The object of this association is to employ one or more nurses to visit constantly among the poor, to aid them with advice in sickness, to instruct in methods of preventing disease and to try to instill better ideas of household sanitation and the care of children. The reports of the monthly meetings of the associations show that the work began with the employment of one trained nurse, who devoted only a portion of her time to charitable work; but at the end of six months it became possible to supply her place with one who gave her whole time to carrying on the work of the association. Mrs. Kellar, who has done exceptionally good service of this kind in the State of New Jersey, was engaged for this purpose and became permanently established in Springfield. A certain amount of financial aid from the Metropolitan Life Insurance Company was a welcome addition to the funds of the association, and the securing of a room in the new Greene County court house, to be used, as the office of the visiting nurse, was a step in advance, greatly facilitating the work of that officer.

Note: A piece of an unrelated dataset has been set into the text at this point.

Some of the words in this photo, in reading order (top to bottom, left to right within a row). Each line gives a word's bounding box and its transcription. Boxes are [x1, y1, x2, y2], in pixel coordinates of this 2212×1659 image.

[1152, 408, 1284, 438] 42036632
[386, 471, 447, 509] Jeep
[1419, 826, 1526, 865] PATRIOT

Early in the spring of 1913 the association began a series of investigations in regard to sewer inspection, plumbing, fumigation and other protective measures, with some attention to housing conditions among the poor, and new committees on sanitation and anti-tuberculosis work were appointed to begin the study of what had been done in state and national societies along these lines, and to especially investigate local conditions. In the fall the cooperation of the Greene County Medical Society was secured, the different members of which agreed to prepare for the local daily papers, short articles on tuberculosis, to be printed before the association should begin its annual sale of Red Cross Christmas seals. Steps were taken toward affiliation with the National Visiting Nurse Association.

Early in the summer of 1914 long-considered plans for establishing a baby clinic were furthered by the favorable cooperation of the Greene County Medical Society, and the promise of student nurses from the Springfield Hospital to assist Mrs. Kellar, the association nurse, with the proposed weekly clinics, the physicians offering their services free of charge. The support of the Council of Mothers' Clubs was also obtained, and these organizations working together, maintained a series of clinics continuing through the entire summer with marked effect upon the lessening of infant mortality. Another achievement of these united forces was the establishing of a permanent baby ward in a local hospital, in which may be received the children of parents who have not the means to pay for medicines and nursing.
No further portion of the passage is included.